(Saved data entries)
○ ○ ○ ○ ○ ○ ○
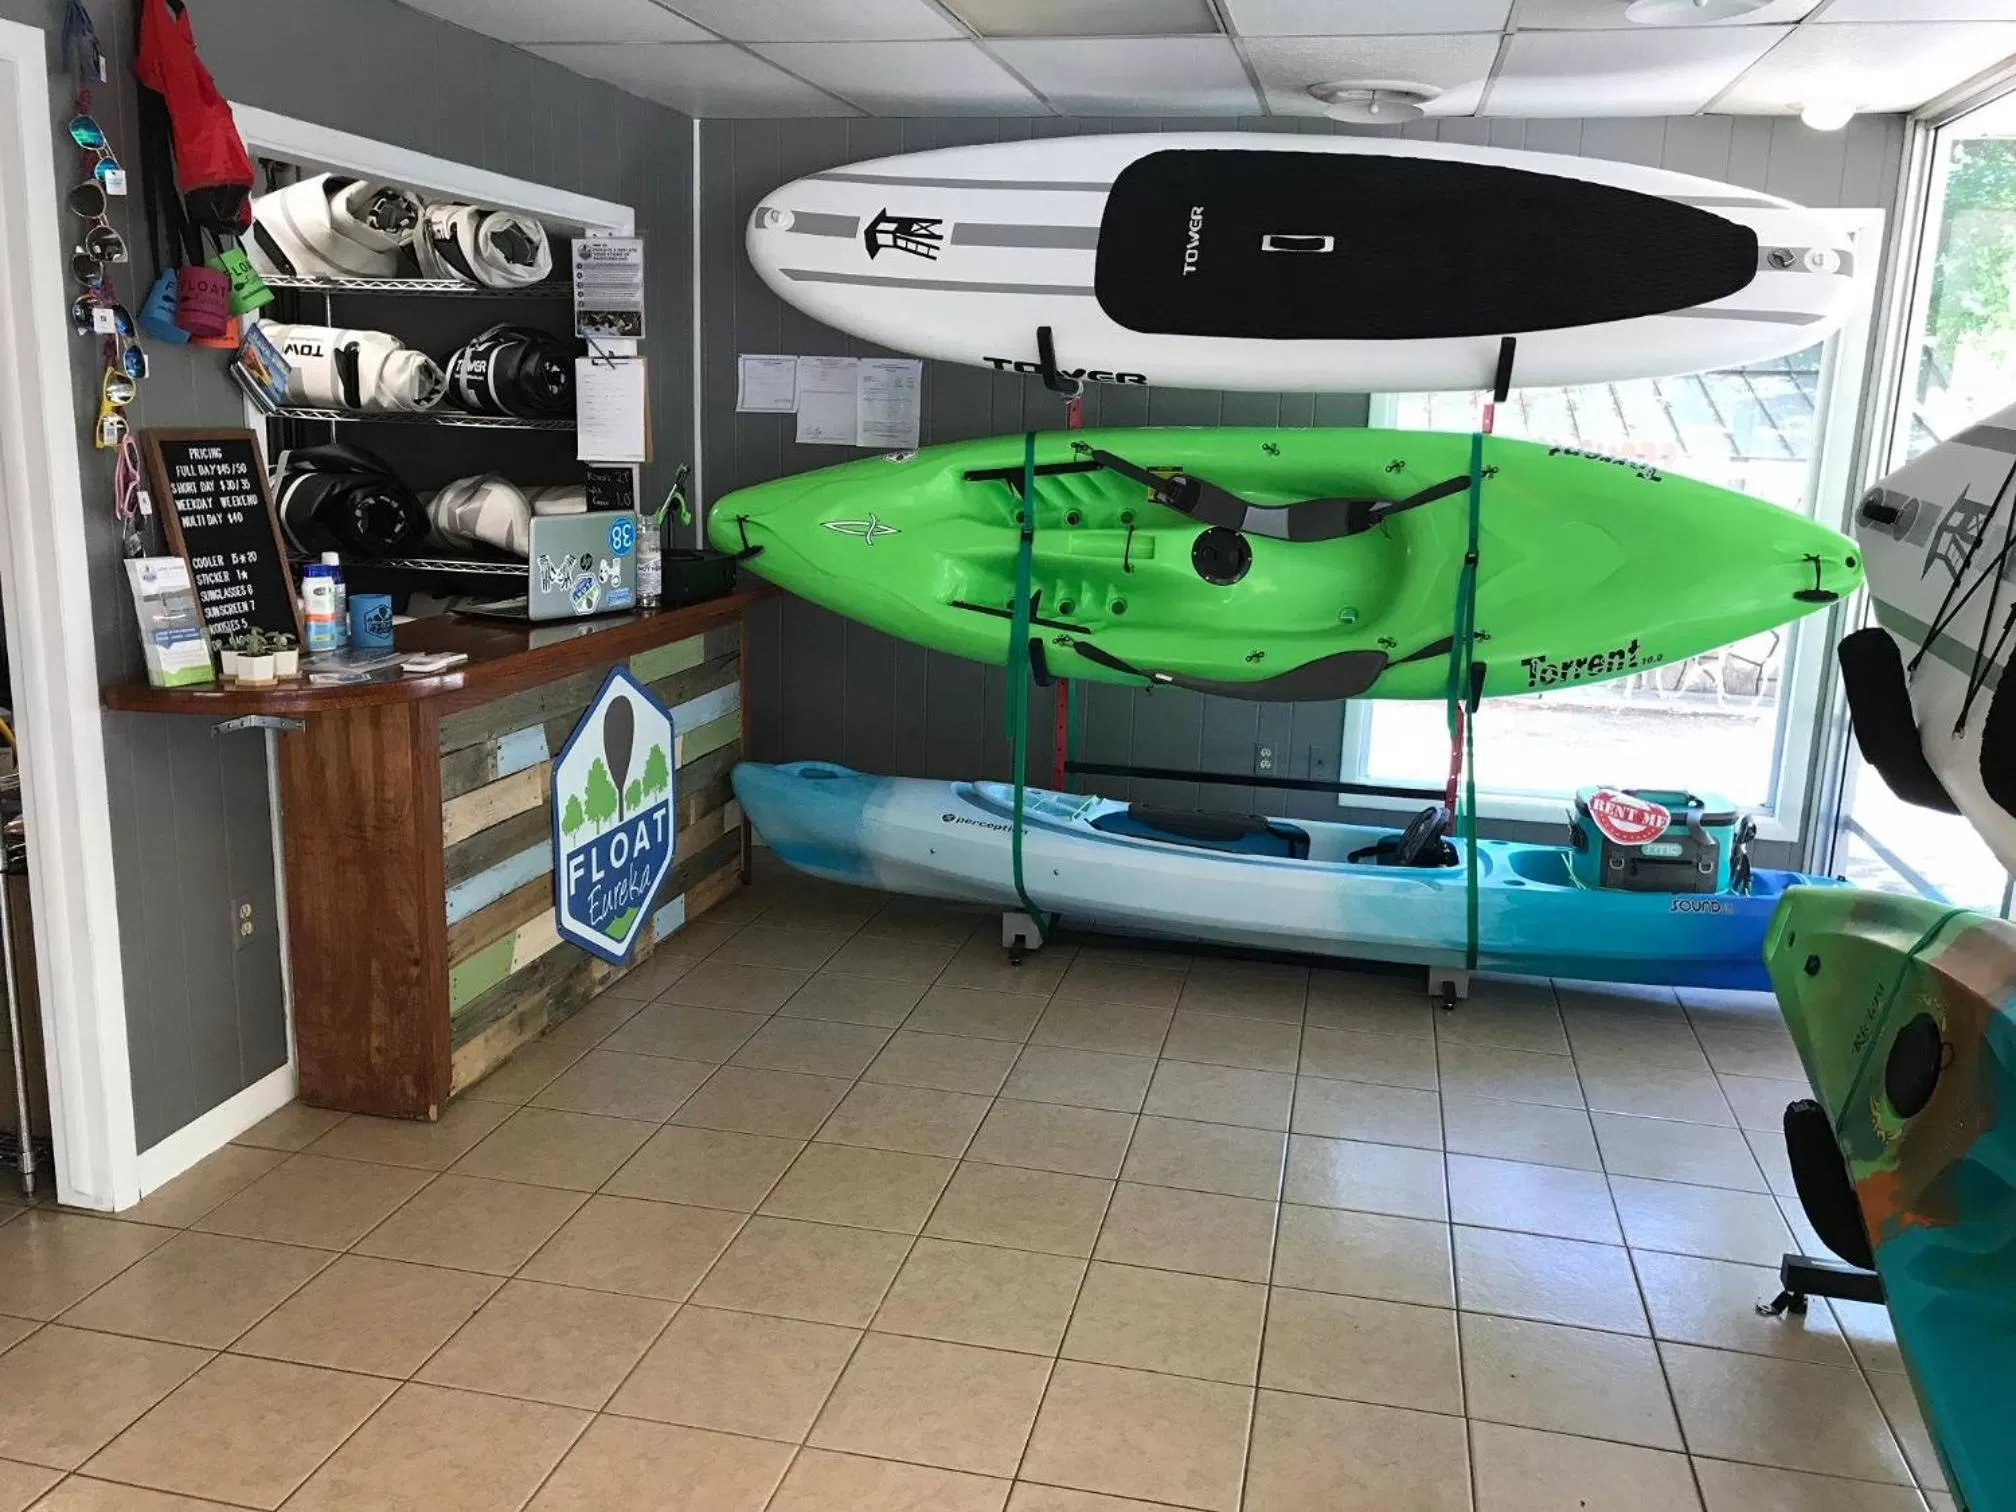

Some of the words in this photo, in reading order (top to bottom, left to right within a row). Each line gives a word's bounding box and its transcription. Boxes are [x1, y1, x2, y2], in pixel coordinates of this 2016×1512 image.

[1183, 206, 1204, 276] TOWER
[456, 360, 488, 373] TWER
[188, 447, 222, 460] PRICING
[176, 464, 198, 477] FULL
[198, 463, 216, 476] DAY
[170, 481, 198, 494] SHORT
[200, 480, 215, 493] DAY
[175, 497, 213, 511] WEEKDAY
[219, 494, 259, 509] WEEKEND
[206, 512, 223, 526] DAY
[192, 554, 225, 569] COOLER
[195, 570, 231, 586] STICKER
[200, 585, 247, 602] SUNGLASSES
[204, 600, 249, 620] SUNSCREEN
[249, 599, 256, 612] 7
[241, 617, 249, 630] 5
[1521, 639, 1640, 688] Torrent
[1592, 797, 1638, 823] RENT
[1641, 813, 1668, 829] ME
[955, 816, 1029, 836] percepti
[568, 807, 667, 897] FLOAT
[587, 861, 651, 926] Eureka
[1670, 899, 1721, 913] SOUND
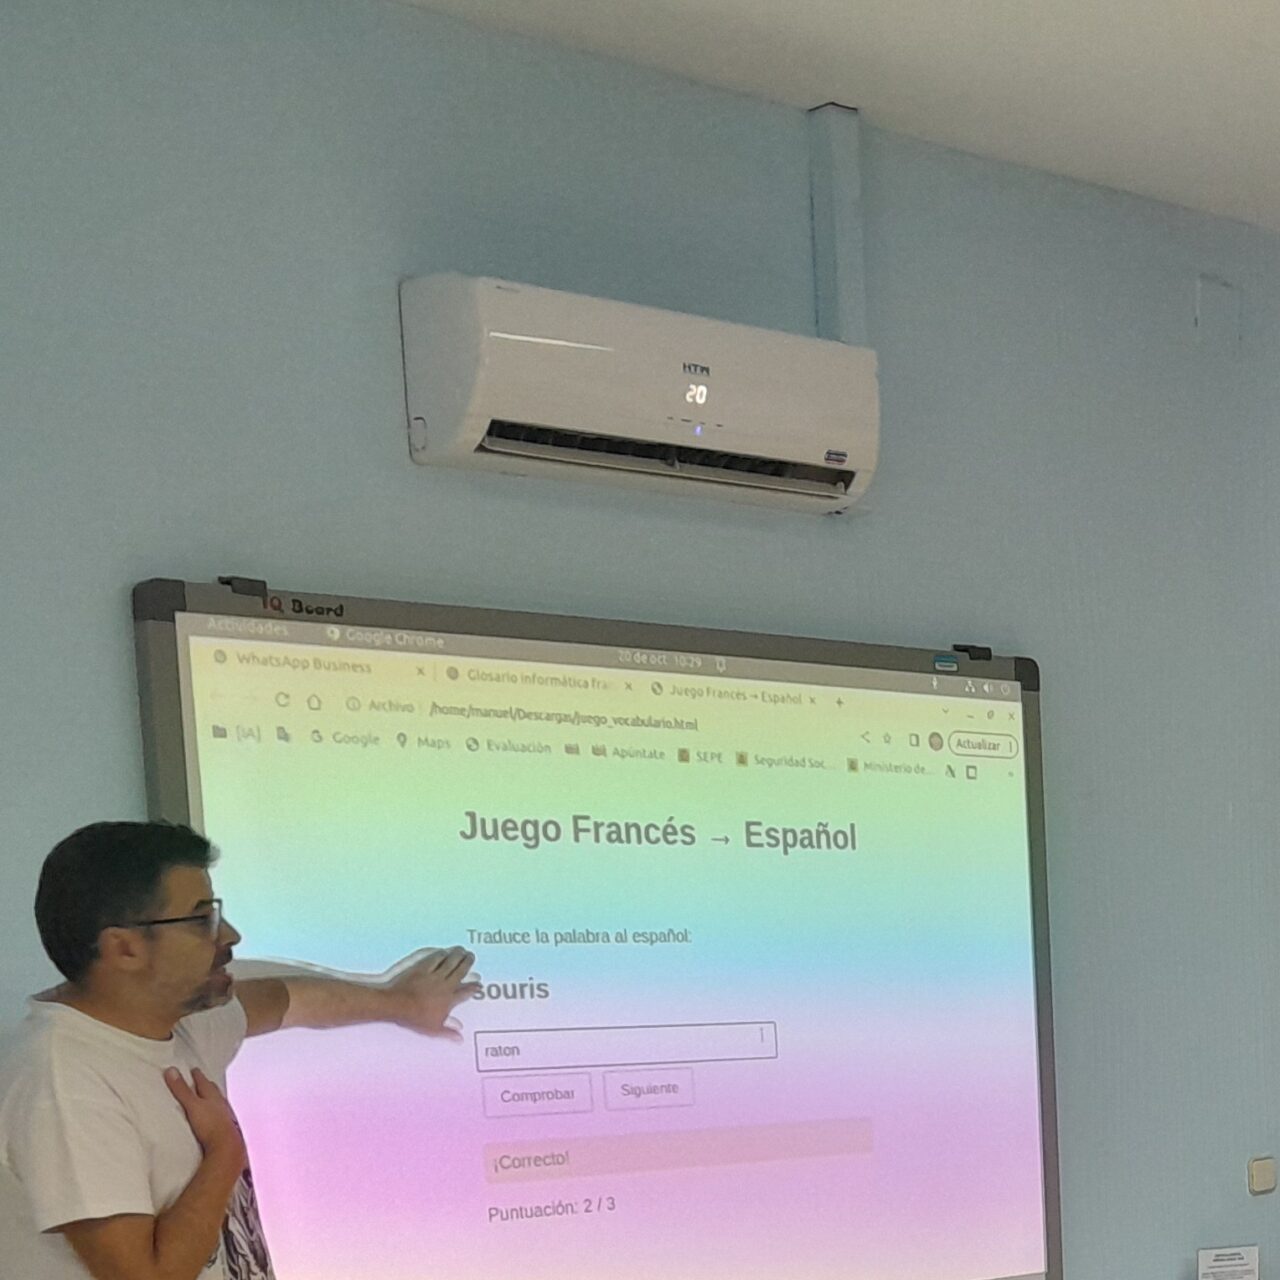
○ ○ ○ ○ ○ ○ ○
EXERCISE OBJECTIVE: Exactly as given, transcribe every line of the data, but not its images.

COMPLETED TASK:
Some of the words in this photo, in reading order (top to bottom, left to right within a row). Each line gives a word's bounding box and its transcription. Boxes are [x1, y1, x2, y2], in pixel coordinates of this 2016×1512 image.

[1183, 206, 1204, 276] TOWER
[456, 360, 488, 373] TWER
[188, 447, 222, 460] PRICING
[176, 464, 198, 477] FULL
[198, 463, 216, 476] DAY
[170, 481, 198, 494] SHORT
[200, 480, 215, 493] DAY
[175, 497, 213, 511] WEEKDAY
[219, 494, 259, 509] WEEKEND
[206, 512, 223, 526] DAY
[192, 554, 225, 569] COOLER
[195, 570, 231, 586] STICKER
[200, 585, 247, 602] SUNGLASSES
[204, 600, 249, 620] SUNSCREEN
[249, 599, 256, 612] 7
[241, 617, 249, 630] 5
[1521, 639, 1640, 688] Torrent
[1592, 797, 1638, 823] RENT
[1641, 813, 1668, 829] ME
[955, 816, 1029, 836] percepti
[568, 807, 667, 897] FLOAT
[587, 861, 651, 926] Eureka
[1670, 899, 1721, 913] SOUND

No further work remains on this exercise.